**Task instructions:**
Lines below that include the word "Pork" should each be copied.

**Material for the task:**

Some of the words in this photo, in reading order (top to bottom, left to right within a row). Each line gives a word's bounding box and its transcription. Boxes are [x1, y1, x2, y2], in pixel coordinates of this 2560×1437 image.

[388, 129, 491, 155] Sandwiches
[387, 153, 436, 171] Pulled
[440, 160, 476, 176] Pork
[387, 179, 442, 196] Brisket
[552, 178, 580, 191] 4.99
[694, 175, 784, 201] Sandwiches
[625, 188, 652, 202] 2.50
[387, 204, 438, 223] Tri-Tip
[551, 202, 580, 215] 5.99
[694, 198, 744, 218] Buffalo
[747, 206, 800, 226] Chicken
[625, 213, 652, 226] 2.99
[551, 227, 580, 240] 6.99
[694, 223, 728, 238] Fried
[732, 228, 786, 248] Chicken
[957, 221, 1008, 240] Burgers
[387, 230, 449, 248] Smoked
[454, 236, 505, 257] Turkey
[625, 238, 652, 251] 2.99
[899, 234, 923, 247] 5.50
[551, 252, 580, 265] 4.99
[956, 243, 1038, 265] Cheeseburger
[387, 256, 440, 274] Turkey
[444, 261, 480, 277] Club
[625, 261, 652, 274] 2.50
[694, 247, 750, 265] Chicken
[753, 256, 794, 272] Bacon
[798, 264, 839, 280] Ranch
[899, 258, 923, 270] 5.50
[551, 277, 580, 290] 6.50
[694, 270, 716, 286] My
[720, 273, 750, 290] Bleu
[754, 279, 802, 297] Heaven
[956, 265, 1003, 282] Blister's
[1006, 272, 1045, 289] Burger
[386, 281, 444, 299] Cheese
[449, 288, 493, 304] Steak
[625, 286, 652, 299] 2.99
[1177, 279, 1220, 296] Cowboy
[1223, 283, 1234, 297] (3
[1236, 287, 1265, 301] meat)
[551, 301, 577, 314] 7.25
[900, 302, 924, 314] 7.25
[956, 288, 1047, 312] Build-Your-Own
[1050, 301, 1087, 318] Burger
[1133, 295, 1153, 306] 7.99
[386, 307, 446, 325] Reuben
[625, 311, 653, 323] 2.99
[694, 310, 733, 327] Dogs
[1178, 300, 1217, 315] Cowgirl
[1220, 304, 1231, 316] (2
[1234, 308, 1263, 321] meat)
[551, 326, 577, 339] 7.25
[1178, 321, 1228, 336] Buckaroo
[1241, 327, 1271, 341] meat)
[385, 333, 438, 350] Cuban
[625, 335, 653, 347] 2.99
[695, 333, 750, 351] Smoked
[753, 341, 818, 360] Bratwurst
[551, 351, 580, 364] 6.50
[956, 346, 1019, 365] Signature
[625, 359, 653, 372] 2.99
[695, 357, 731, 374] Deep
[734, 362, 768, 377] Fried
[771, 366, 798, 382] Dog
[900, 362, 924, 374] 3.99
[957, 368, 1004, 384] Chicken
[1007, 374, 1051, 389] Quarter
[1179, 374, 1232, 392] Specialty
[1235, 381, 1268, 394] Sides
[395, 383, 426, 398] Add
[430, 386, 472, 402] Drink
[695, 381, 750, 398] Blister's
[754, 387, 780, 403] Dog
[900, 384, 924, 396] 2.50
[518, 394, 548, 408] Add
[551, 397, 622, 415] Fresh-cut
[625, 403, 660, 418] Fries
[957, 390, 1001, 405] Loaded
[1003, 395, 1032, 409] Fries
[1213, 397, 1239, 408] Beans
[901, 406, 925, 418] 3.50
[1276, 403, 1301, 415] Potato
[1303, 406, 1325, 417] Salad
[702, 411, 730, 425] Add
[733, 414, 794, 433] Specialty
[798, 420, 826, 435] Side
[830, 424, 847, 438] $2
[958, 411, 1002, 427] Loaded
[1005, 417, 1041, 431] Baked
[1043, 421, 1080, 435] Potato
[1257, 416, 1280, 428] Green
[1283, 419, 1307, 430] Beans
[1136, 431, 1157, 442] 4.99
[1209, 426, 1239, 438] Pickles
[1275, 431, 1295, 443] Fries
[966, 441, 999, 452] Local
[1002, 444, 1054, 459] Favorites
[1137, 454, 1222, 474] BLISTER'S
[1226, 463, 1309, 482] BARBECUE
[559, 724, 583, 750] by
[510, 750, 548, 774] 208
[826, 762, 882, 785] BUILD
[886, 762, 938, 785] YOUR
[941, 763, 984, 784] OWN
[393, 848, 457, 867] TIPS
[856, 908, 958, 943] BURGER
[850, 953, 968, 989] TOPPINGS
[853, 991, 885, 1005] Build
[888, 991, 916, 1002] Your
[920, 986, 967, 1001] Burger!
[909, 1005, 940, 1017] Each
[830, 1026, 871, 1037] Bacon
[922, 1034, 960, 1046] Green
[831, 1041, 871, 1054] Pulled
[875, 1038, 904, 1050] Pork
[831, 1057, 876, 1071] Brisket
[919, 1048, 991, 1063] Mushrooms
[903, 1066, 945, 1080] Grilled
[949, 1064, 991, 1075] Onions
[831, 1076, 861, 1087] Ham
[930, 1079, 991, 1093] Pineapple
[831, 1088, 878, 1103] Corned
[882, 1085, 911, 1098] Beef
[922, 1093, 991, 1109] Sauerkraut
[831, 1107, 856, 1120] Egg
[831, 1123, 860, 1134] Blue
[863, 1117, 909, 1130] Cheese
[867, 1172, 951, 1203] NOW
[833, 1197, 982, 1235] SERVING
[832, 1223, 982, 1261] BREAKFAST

**Exercise answer:**
[440, 160, 476, 176] Pork
[875, 1038, 904, 1050] Pork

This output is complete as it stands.